To do:
Repeat each entry word for word; the images are not part of the copy.

Information:
◇ ◇ ◇ ◇
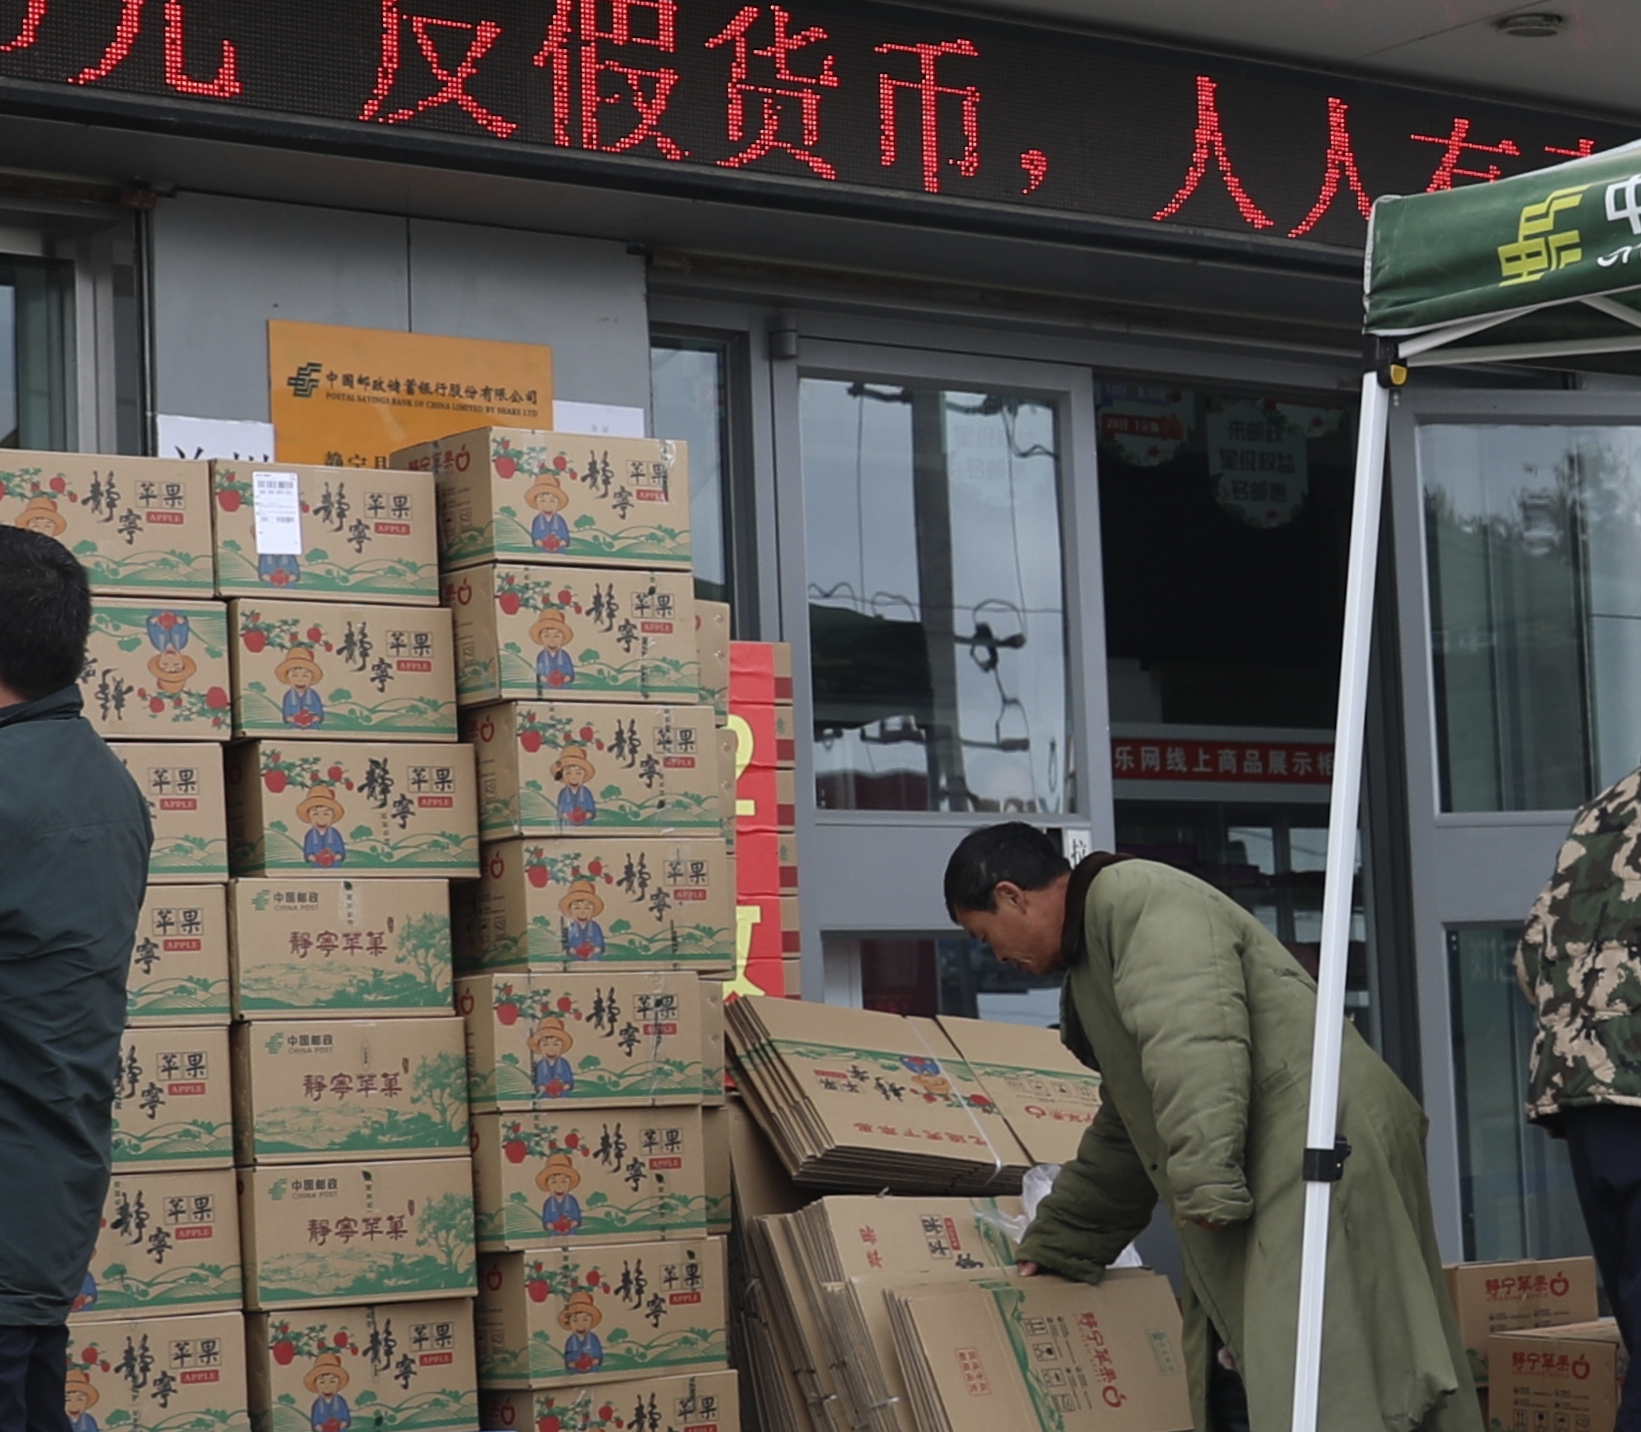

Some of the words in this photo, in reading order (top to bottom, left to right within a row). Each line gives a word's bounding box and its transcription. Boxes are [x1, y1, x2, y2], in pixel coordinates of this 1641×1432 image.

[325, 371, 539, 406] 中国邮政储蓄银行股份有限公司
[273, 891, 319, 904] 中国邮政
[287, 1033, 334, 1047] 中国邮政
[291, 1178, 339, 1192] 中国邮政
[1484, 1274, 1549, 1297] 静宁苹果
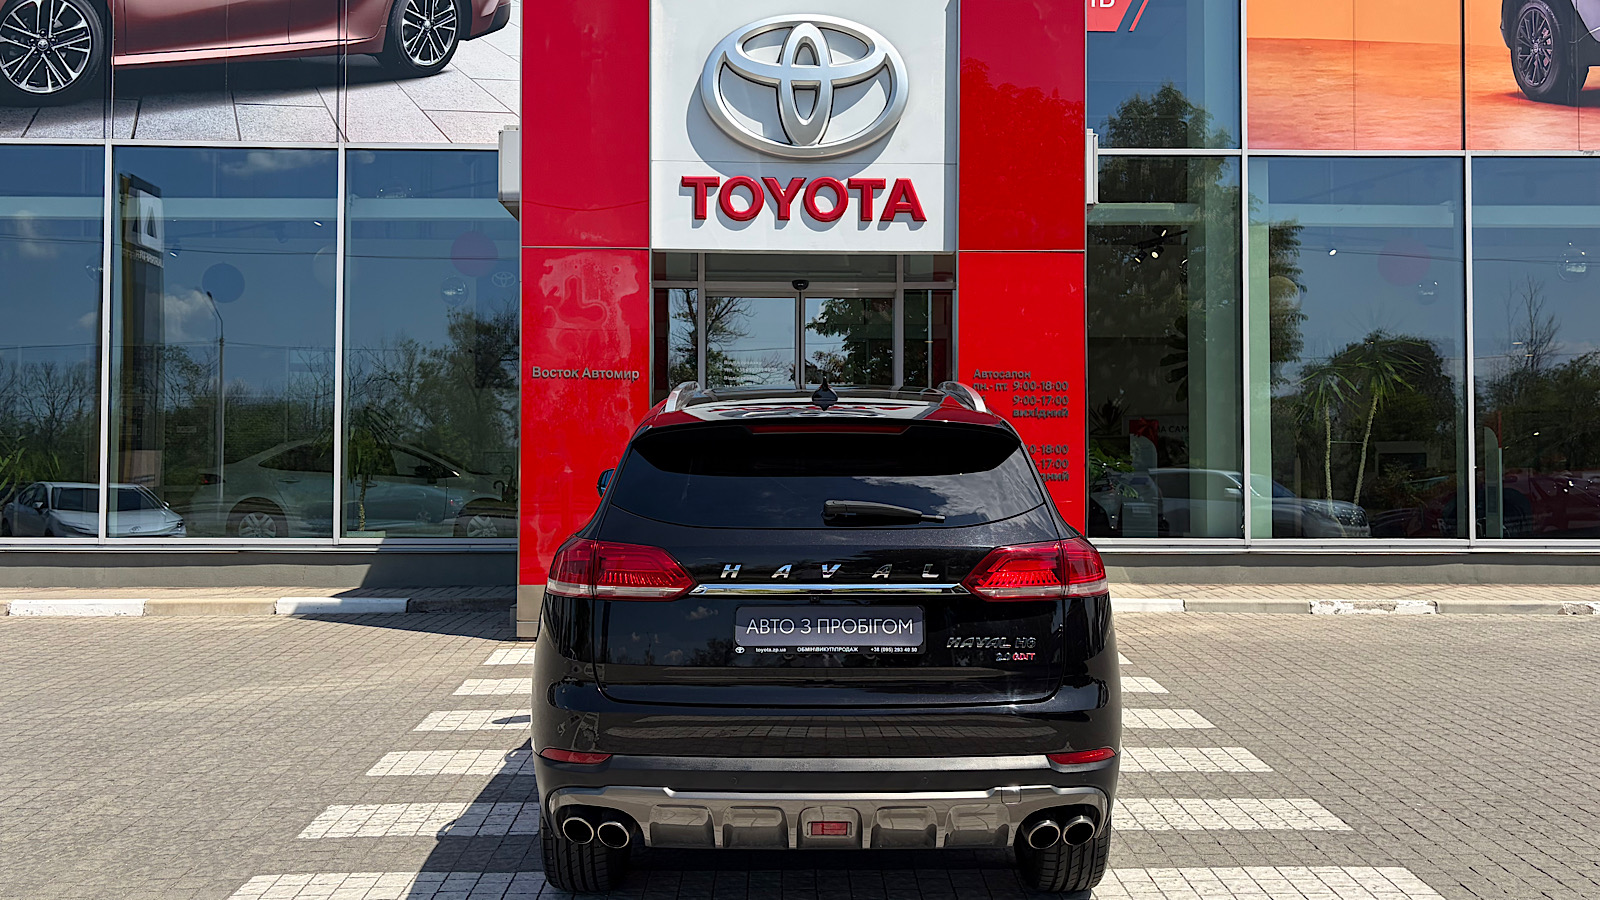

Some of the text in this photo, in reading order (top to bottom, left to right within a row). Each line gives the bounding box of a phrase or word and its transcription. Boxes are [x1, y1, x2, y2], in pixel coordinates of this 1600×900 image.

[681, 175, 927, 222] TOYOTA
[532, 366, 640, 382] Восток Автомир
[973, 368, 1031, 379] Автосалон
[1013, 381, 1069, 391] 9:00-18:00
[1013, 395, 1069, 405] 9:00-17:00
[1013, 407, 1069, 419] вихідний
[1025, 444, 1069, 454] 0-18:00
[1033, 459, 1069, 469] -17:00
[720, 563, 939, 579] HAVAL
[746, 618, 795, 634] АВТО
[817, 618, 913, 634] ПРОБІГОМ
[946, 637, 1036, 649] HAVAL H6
◇ ◇ ◇ ◇
Response:
Some of the words in this photo, in reading order (top to bottom, left to right within a row). Each line gives a word's bounding box and its transcription. Boxes are [x1, y1, x2, y2], in pixel coordinates of this 1641×1432 image.

[325, 371, 539, 406] 中国邮政储蓄银行股份有限公司
[273, 891, 319, 904] 中国邮政
[287, 1033, 334, 1047] 中国邮政
[291, 1178, 339, 1192] 中国邮政
[1484, 1274, 1549, 1297] 静宁苹果

Some of the text in this photo, in reading order (top to bottom, left to right within a row). Each line gives the bounding box of a phrase or word and its transcription. Boxes are [x1, y1, x2, y2], in pixel coordinates of this 1600×900 image.

[681, 175, 927, 222] TOYOTA
[532, 366, 640, 382] Восток Автомир
[973, 368, 1031, 379] Автосалон
[1013, 381, 1069, 391] 9:00-18:00
[1013, 395, 1069, 405] 9:00-17:00
[1013, 407, 1069, 419] вихідний
[1025, 444, 1069, 454] 0-18:00
[1033, 459, 1069, 469] -17:00
[720, 563, 939, 579] HAVAL
[746, 618, 795, 634] АВТО
[817, 618, 913, 634] ПРОБІГОМ
[946, 637, 1036, 649] HAVAL H6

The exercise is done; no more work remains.